Problem requirements: Write out the whole listing again so that each line matches the original.

+ + + +

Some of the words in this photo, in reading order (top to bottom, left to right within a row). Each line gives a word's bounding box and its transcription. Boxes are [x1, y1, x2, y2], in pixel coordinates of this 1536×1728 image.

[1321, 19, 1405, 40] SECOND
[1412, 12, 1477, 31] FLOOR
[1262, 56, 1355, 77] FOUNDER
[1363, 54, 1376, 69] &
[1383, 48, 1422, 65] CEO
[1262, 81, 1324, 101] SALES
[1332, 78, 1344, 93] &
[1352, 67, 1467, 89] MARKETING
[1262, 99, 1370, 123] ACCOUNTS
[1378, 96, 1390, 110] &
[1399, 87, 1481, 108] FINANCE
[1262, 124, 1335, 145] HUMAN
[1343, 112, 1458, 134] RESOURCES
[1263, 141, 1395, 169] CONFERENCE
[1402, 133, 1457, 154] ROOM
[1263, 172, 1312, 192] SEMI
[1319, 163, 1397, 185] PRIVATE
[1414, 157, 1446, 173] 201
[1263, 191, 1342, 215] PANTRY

+ + + +

Exercise result:
Some of the words in this photo, in reading order (top to bottom, left to right within a row). Each line gives a word's bounding box and its transcription. Boxes are [x1, y1, x2, y2], in pixel coordinates of this 1536×1728 image.

[1321, 19, 1405, 40] SECOND
[1412, 12, 1477, 31] FLOOR
[1262, 56, 1355, 77] FOUNDER
[1363, 54, 1376, 69] &
[1383, 48, 1422, 65] CEO
[1262, 81, 1324, 101] SALES
[1332, 78, 1344, 93] &
[1352, 67, 1467, 89] MARKETING
[1262, 99, 1370, 123] ACCOUNTS
[1378, 96, 1390, 110] &
[1399, 87, 1481, 108] FINANCE
[1262, 124, 1335, 145] HUMAN
[1343, 112, 1458, 134] RESOURCES
[1263, 141, 1395, 169] CONFERENCE
[1402, 133, 1457, 154] ROOM
[1263, 172, 1312, 192] SEMI
[1319, 163, 1397, 185] PRIVATE
[1414, 157, 1446, 173] 201
[1263, 191, 1342, 215] PANTRY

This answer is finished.